Pictures do not belong in the copy; transcribe everything else in the records exactly.

_DATA:_
━━━━━━━━━━━━━━━━

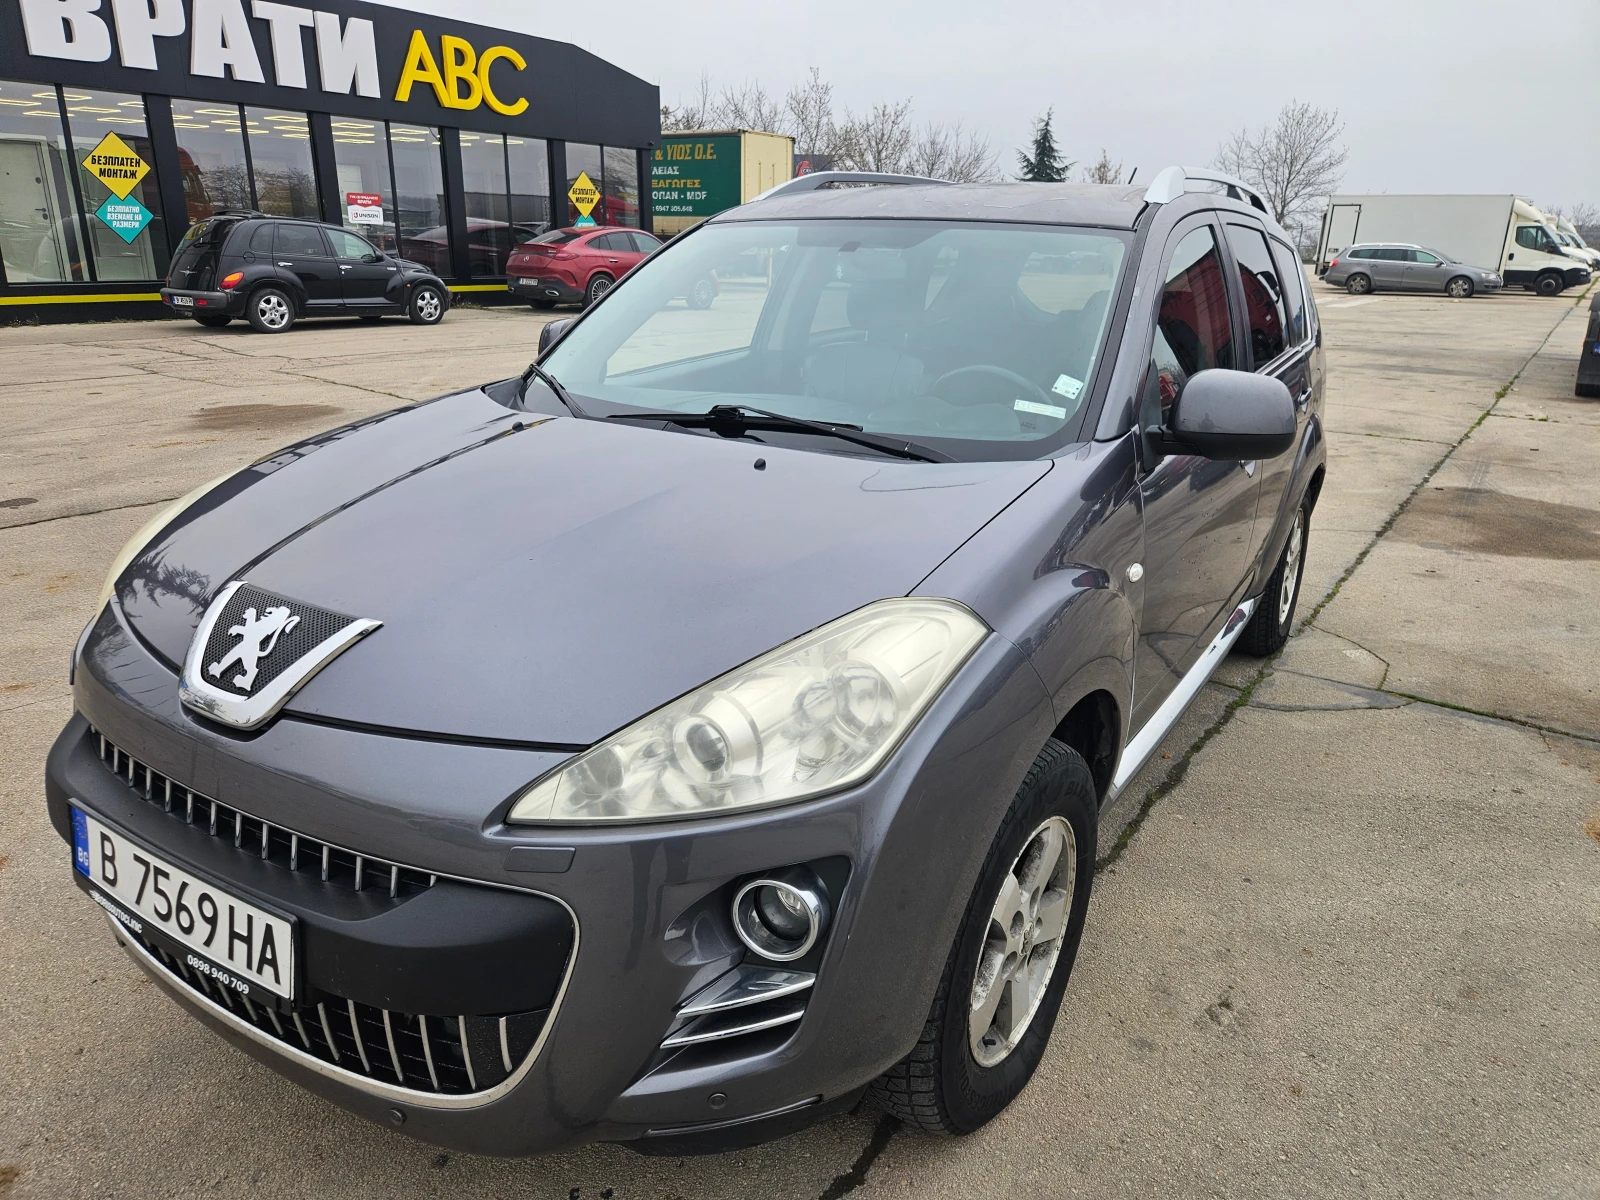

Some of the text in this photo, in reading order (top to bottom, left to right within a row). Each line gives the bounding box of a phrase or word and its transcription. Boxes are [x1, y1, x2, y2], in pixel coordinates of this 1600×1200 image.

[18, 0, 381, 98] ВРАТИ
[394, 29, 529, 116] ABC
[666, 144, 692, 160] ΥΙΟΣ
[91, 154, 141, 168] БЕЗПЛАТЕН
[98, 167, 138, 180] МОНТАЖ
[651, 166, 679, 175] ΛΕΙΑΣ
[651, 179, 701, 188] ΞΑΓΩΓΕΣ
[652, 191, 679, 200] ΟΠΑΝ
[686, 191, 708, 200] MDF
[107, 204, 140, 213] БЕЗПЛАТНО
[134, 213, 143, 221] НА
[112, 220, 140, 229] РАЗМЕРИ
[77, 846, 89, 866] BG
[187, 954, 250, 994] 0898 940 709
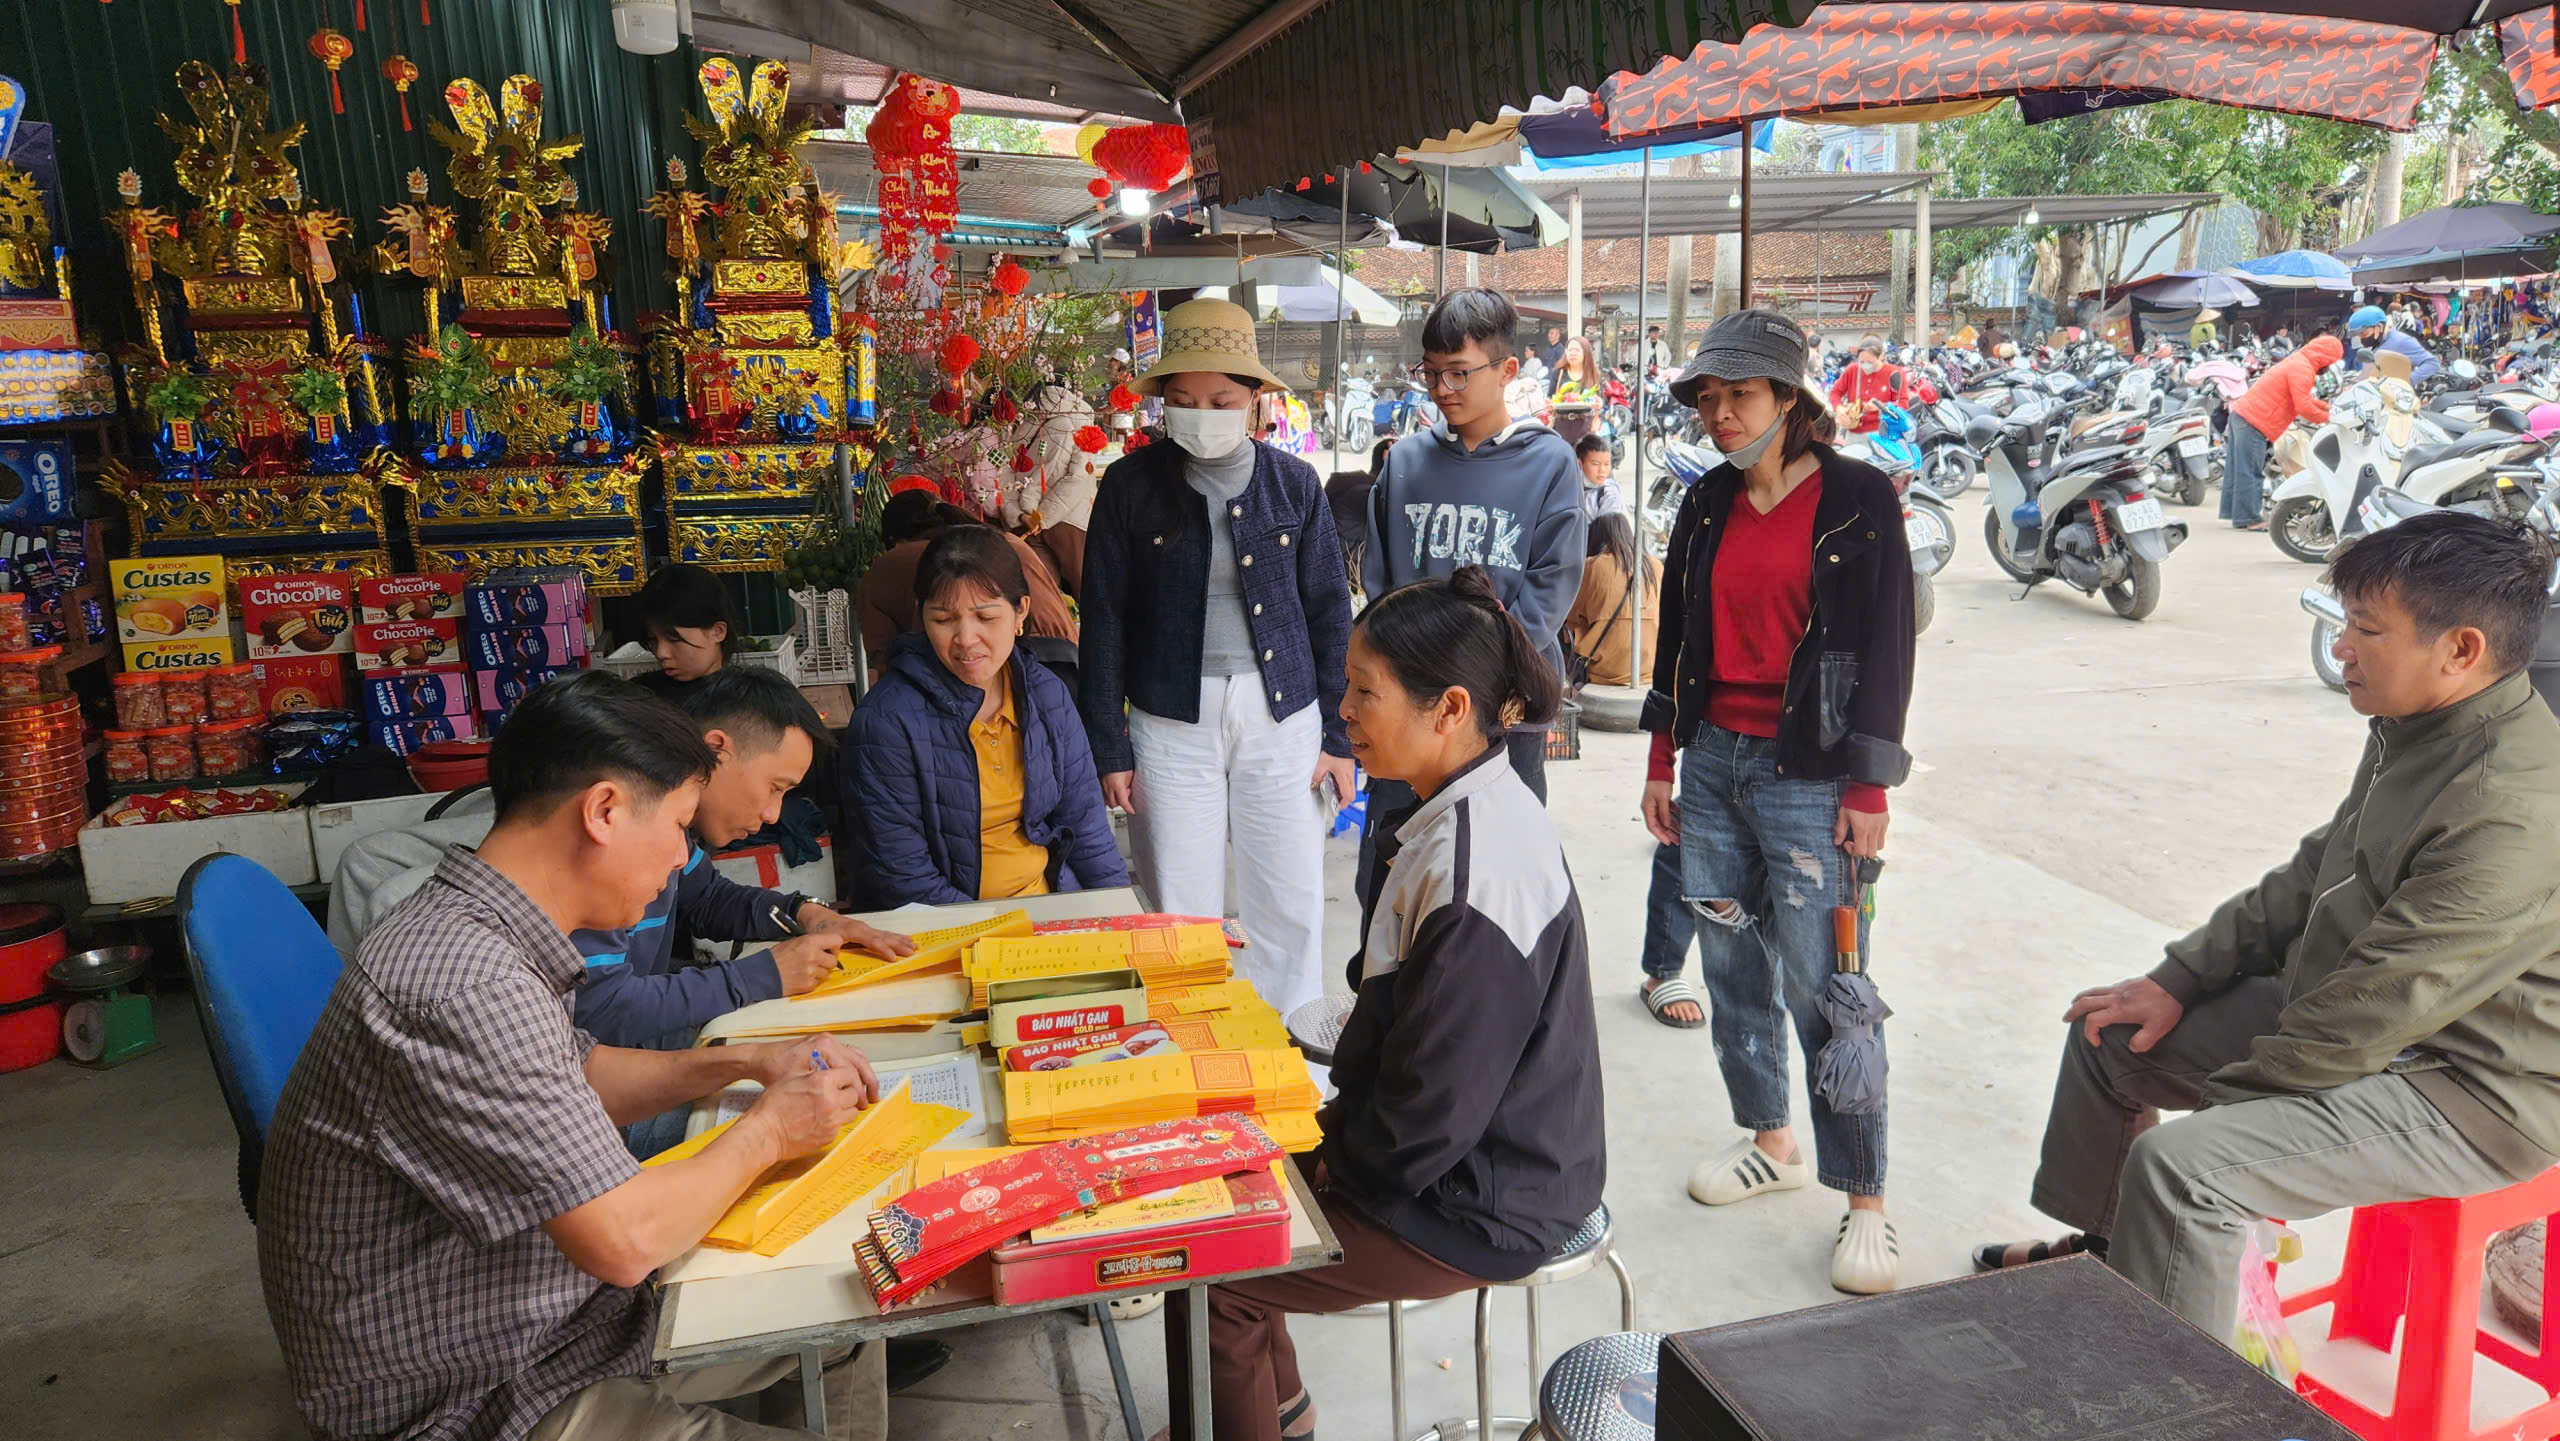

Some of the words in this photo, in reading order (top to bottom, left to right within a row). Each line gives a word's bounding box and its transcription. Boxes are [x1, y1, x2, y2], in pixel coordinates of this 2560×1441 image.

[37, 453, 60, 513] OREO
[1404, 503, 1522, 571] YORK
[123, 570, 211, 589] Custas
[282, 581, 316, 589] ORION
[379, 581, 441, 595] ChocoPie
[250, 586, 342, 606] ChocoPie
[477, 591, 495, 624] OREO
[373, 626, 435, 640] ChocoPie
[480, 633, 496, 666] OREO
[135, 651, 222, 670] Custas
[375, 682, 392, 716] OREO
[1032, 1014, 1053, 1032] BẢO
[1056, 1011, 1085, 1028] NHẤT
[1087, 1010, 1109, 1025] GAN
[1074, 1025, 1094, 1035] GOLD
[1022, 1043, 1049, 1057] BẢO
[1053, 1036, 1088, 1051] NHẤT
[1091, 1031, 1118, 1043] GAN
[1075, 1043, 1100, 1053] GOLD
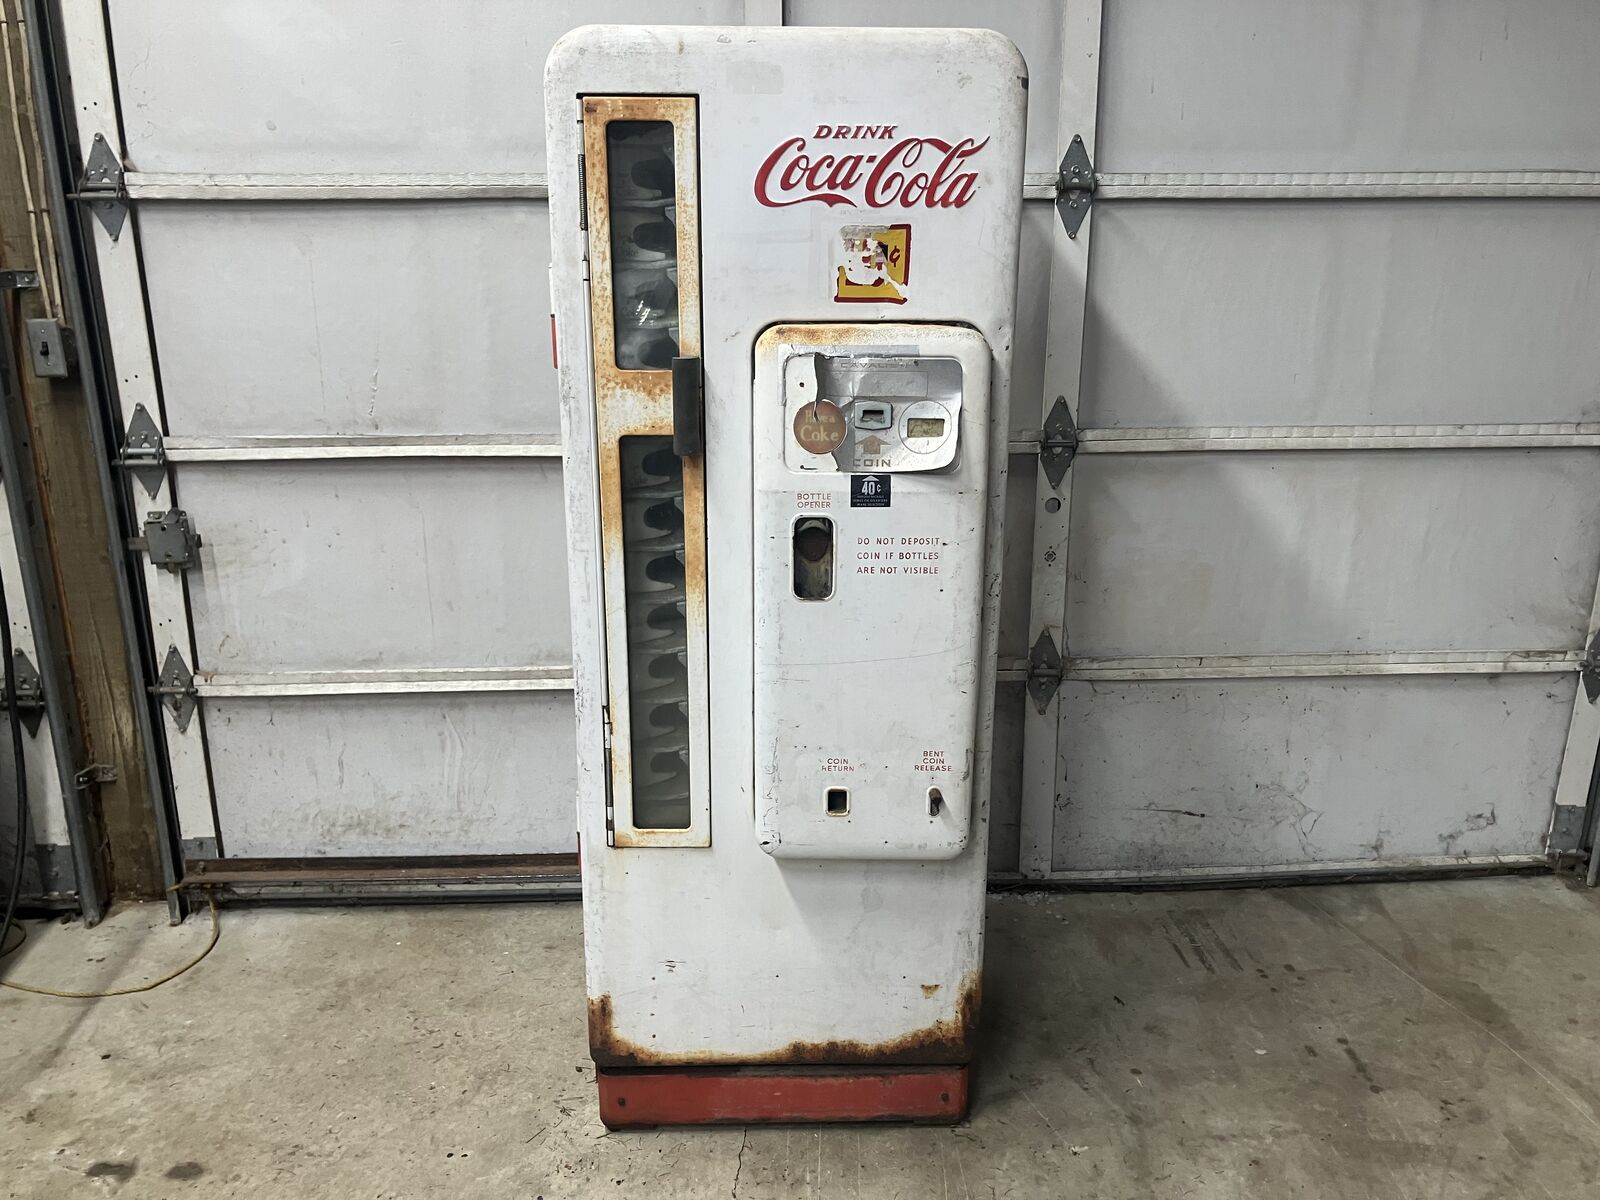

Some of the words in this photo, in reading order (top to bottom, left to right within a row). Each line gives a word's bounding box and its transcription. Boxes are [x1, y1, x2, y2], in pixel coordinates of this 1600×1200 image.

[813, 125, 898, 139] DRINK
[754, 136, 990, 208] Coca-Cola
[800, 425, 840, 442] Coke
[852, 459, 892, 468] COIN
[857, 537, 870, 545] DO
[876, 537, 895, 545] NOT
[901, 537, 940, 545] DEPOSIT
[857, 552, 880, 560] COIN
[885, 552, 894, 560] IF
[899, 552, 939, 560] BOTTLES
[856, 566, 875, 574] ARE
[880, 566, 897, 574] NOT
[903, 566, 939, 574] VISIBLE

━━━━━━━━━━━━━━━━

_WRITTEN REPLY:_
Some of the text in this photo, in reading order (top to bottom, left to right within a row). Each line gives the bounding box of a phrase or word and its transcription. Boxes are [x1, y1, x2, y2], in pixel coordinates of this 1600×1200 image.

[18, 0, 381, 98] ВРАТИ
[394, 29, 529, 116] ABC
[666, 144, 692, 160] ΥΙΟΣ
[91, 154, 141, 168] БЕЗПЛАТЕН
[98, 167, 138, 180] МОНТАЖ
[651, 166, 679, 175] ΛΕΙΑΣ
[651, 179, 701, 188] ΞΑΓΩΓΕΣ
[652, 191, 679, 200] ΟΠΑΝ
[686, 191, 708, 200] MDF
[107, 204, 140, 213] БЕЗПЛАТНО
[134, 213, 143, 221] НА
[112, 220, 140, 229] РАЗМЕРИ
[77, 846, 89, 866] BG
[187, 954, 250, 994] 0898 940 709

Some of the words in this photo, in reading order (top to bottom, left to right within a row). Each line gives a word's bounding box and its transcription. Boxes are [x1, y1, x2, y2], in pixel coordinates of this 2560×1441 image.

[37, 453, 60, 513] OREO
[1404, 503, 1522, 571] YORK
[123, 570, 211, 589] Custas
[282, 581, 316, 589] ORION
[379, 581, 441, 595] ChocoPie
[250, 586, 342, 606] ChocoPie
[477, 591, 495, 624] OREO
[373, 626, 435, 640] ChocoPie
[480, 633, 496, 666] OREO
[135, 651, 222, 670] Custas
[375, 682, 392, 716] OREO
[1032, 1014, 1053, 1032] BẢO
[1056, 1011, 1085, 1028] NHẤT
[1087, 1010, 1109, 1025] GAN
[1074, 1025, 1094, 1035] GOLD
[1022, 1043, 1049, 1057] BẢO
[1053, 1036, 1088, 1051] NHẤT
[1091, 1031, 1118, 1043] GAN
[1075, 1043, 1100, 1053] GOLD

Some of the words in this photo, in reading order (top to bottom, left to right within a row). Each line gives a word's bounding box and its transcription. Boxes are [x1, y1, x2, y2], in pixel coordinates of this 1600×1200 image.

[813, 125, 898, 139] DRINK
[754, 136, 990, 208] Coca-Cola
[800, 425, 840, 442] Coke
[852, 459, 892, 468] COIN
[857, 537, 870, 545] DO
[876, 537, 895, 545] NOT
[901, 537, 940, 545] DEPOSIT
[857, 552, 880, 560] COIN
[885, 552, 894, 560] IF
[899, 552, 939, 560] BOTTLES
[856, 566, 875, 574] ARE
[880, 566, 897, 574] NOT
[903, 566, 939, 574] VISIBLE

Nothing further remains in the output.